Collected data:
------------------------------

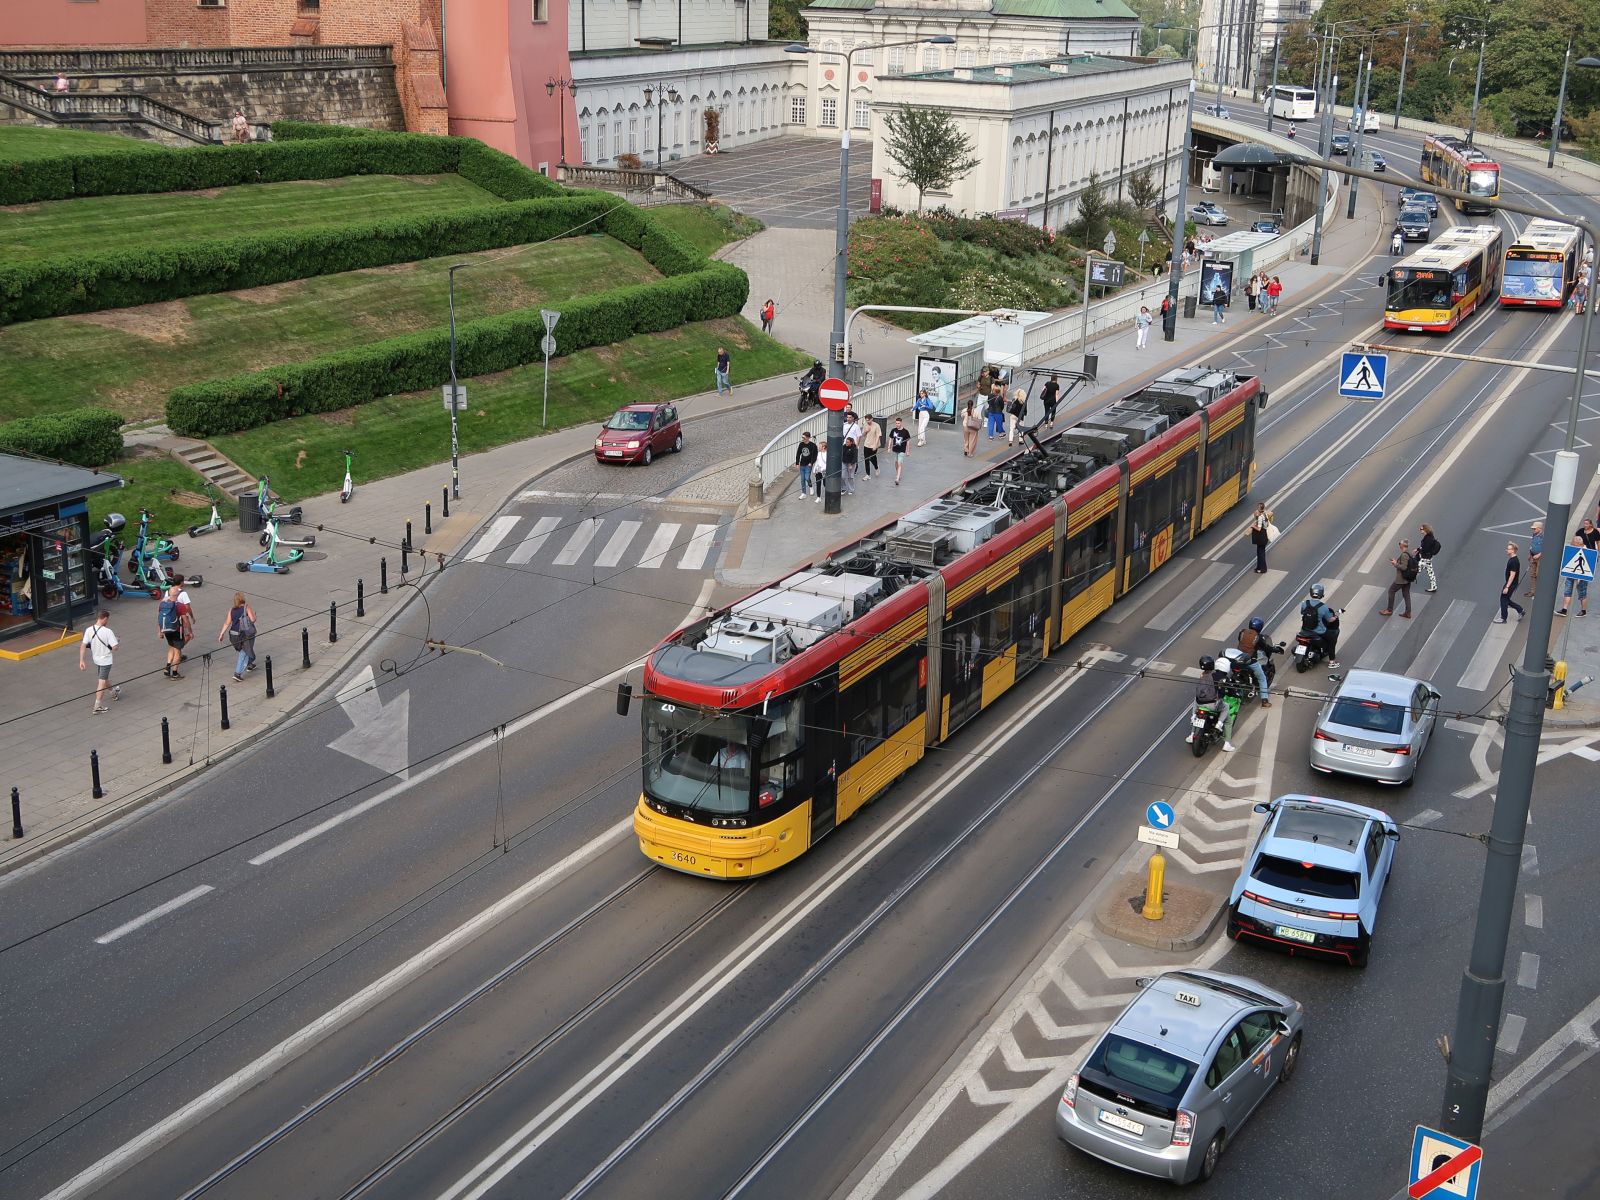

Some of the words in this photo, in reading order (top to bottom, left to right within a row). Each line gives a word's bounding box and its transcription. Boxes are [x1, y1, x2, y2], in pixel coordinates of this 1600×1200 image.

[671, 850, 696, 865] 3640
[1280, 927, 1290, 936] WB
[1291, 930, 1313, 942] 6582Y
[1179, 993, 1196, 1004] TAXI
[1452, 1104, 1460, 1114] 2
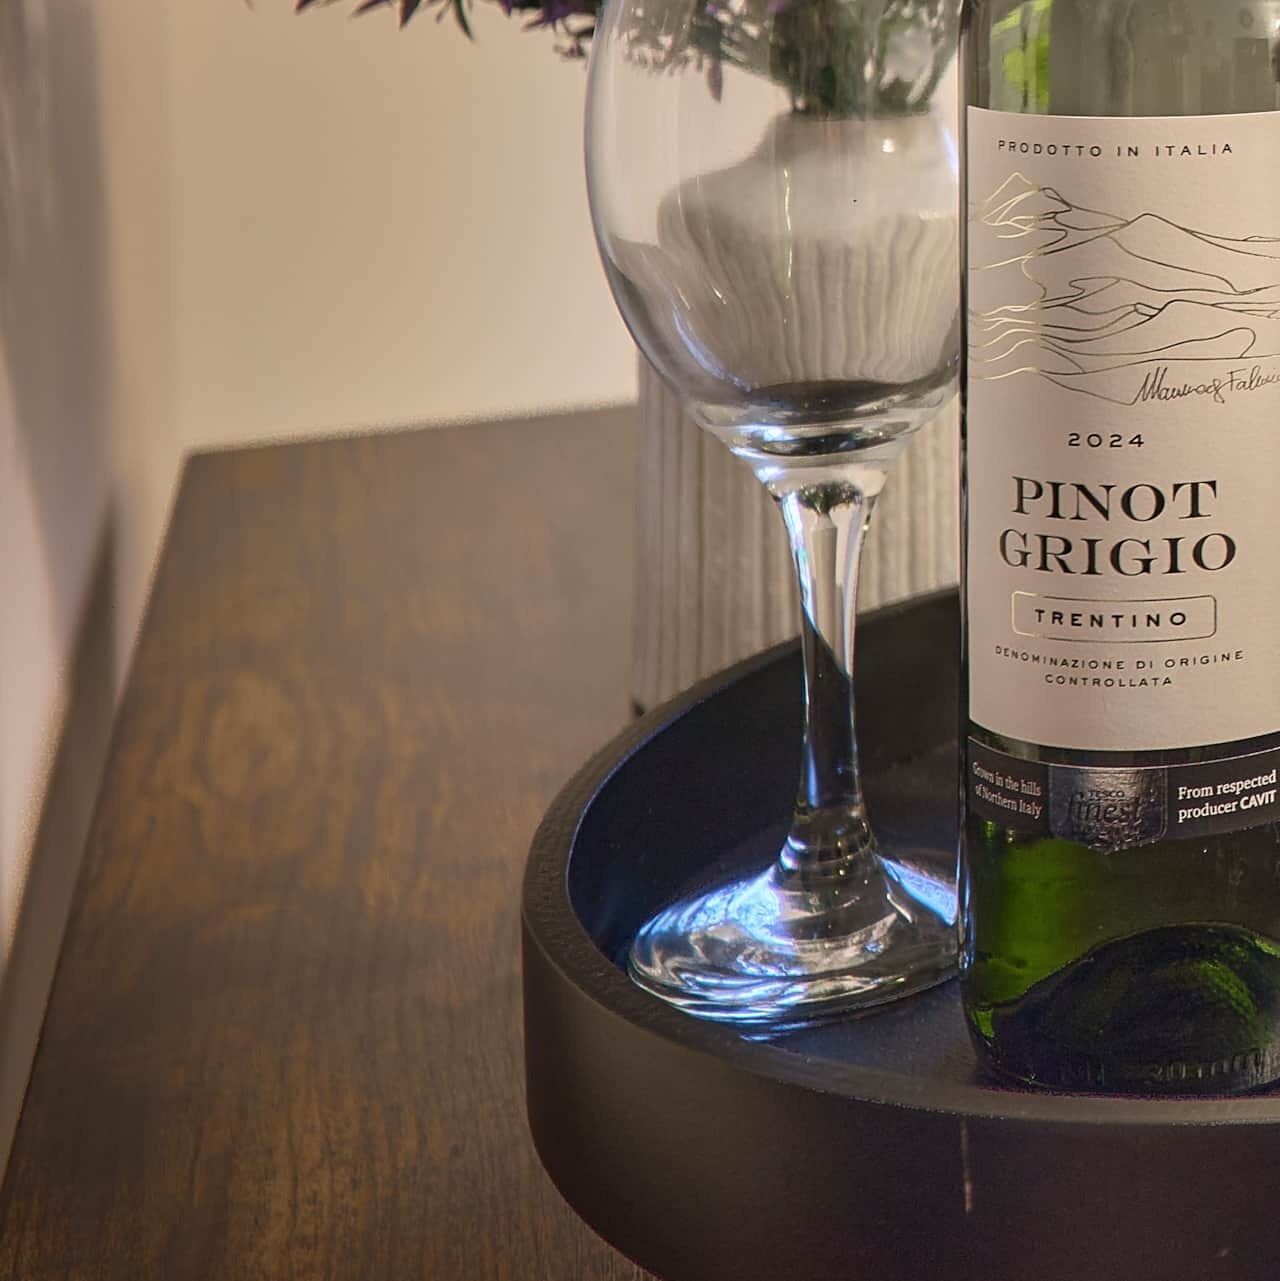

------------------------------

- **Exercise**
An exact transcription of all the entries is required, without the pictures.

- **Solved exercise**
Some of the words in this photo, in reading order (top to bottom, left to right within a row). Each line gives a word's bounding box and its transcription. Boxes are [x1, y1, x2, y2], in pixel coordinates of this 1600×1200 image.

[671, 850, 696, 865] 3640
[1280, 927, 1290, 936] WB
[1291, 930, 1313, 942] 6582Y
[1179, 993, 1196, 1004] TAXI
[1452, 1104, 1460, 1114] 2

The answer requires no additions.